Thank you, [NAME] for your oder of [ITEM]. We will ship this out to you very soon.

Or this file can be the the same page that your form resides on and you can still show a thank you message with some javascript if your page is HTML. Something like:

<form class="form" id="form1" action="test.php" method="POST onSubmit="alert('Thank you for your order.');" >

Answer 2

I am taking into consideration that your PHP Database Connection Code snipplet that you posted above is called test.php because you have both connecting to the data base and inserting data into the database in one file.

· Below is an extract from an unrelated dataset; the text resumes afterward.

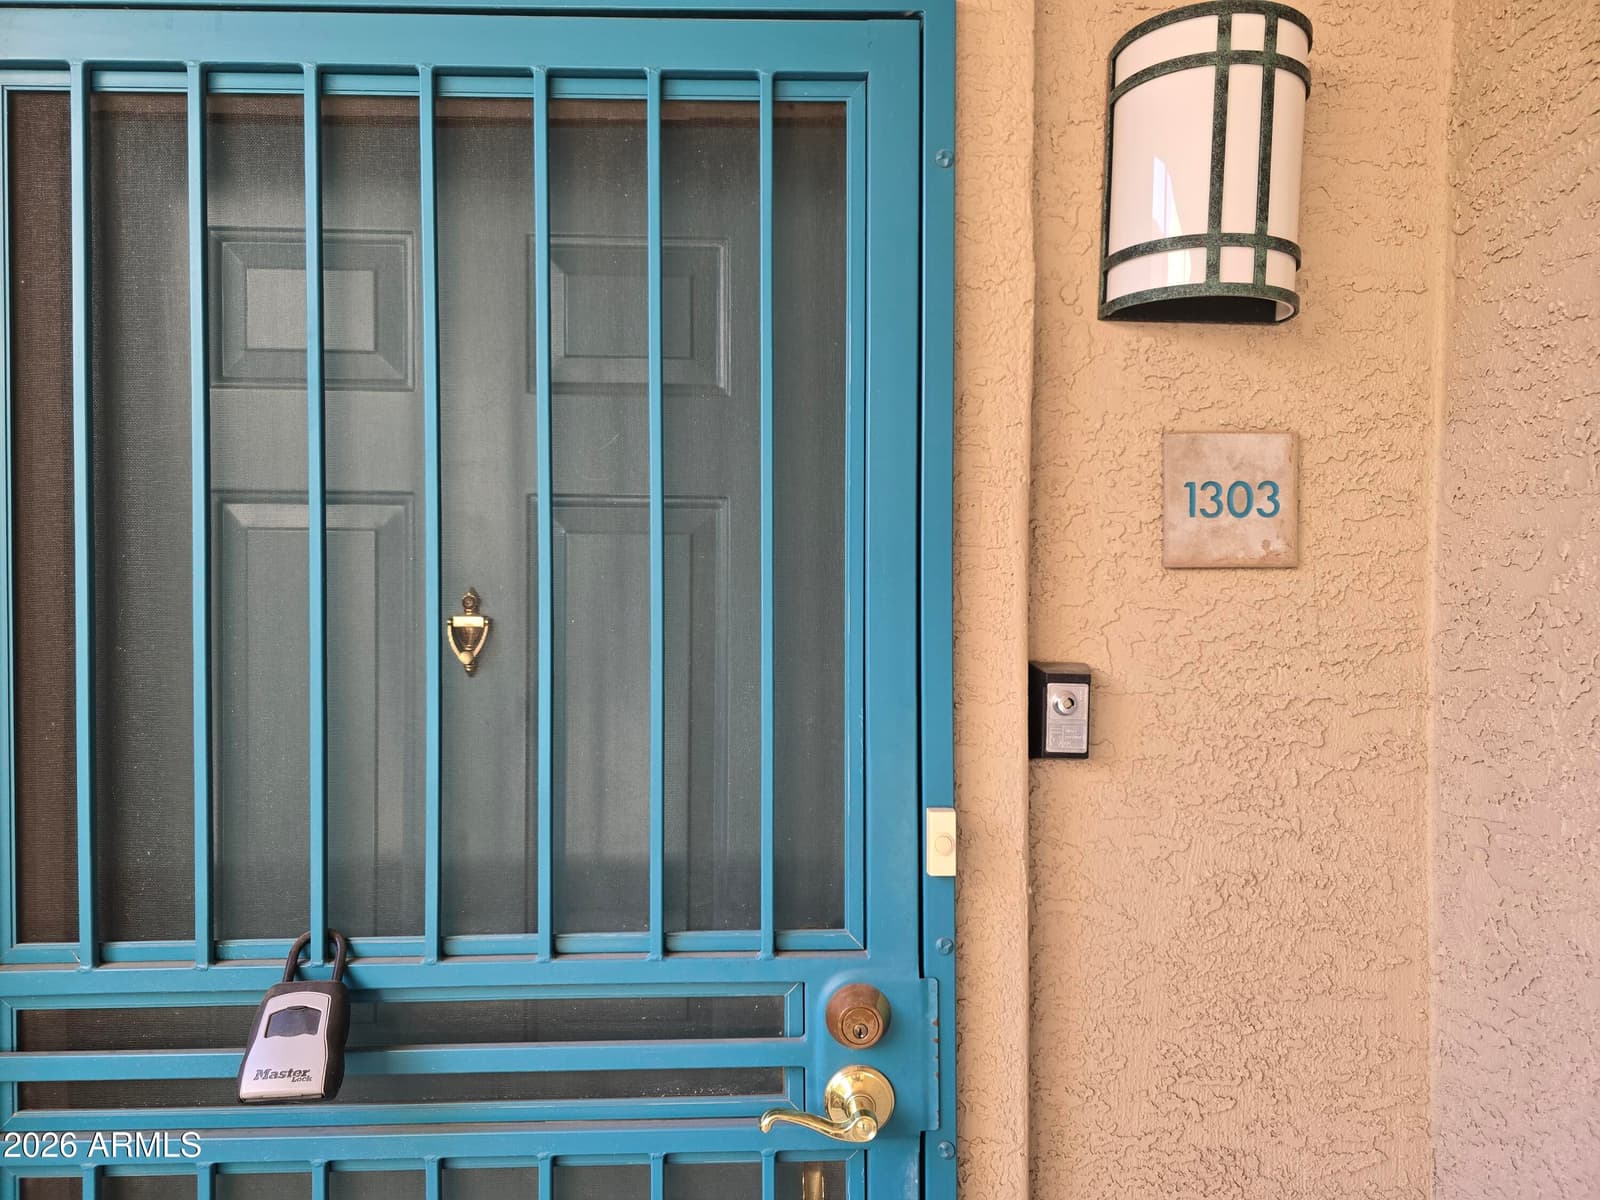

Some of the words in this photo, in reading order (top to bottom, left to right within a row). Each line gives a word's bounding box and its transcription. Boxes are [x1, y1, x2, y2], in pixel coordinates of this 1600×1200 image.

Taking that into consideration, I think the only line you are missing, to return you back to to top snipplet of code that I shall call index.php would be an include statement just after the data has been added to the database

$query = "INSERT INTO [SalesLT].[Test]
(Name,Age,Address,City) Values ('$Name','$Age','$Address','$City');";

$params1 = array($Name,$Age,$Address,$City);                       
$result = sqlsrv_query($conn,$query,$params1);
echo "Data added";
include 'index.php'; //This file is whatever had the earlier form

Once you hit the submit button on your form, test.php is called, your data is handled and passed back to index.php.

NB: The other thing i should mention is to make it a habit of using mysqli_real_escape_string() method to clean the data that is in the $_POST[]; because in a real website, if you don't, you give an attacker the chance to carry out SQL injection on your website :)

Answer 3

you said page is coming blank and data is saved so i assumed that there are two files one which contains form and another which contains php code (test.php). when you submit the form you noticed that form is submitted on test.php and your test.php has no any output code that's why you are seeing blank page. so make a page thankyou.php and redirect on it when data is saved. header('Location: thankyou.php'); at the end of file.

Answer 4

Put this in form action instead of test.php

 <form action=<?php echo htmlspecialchars($_SERVER["PHP_SELF"]); ?> method="post">

    Put your php code at top of the page. 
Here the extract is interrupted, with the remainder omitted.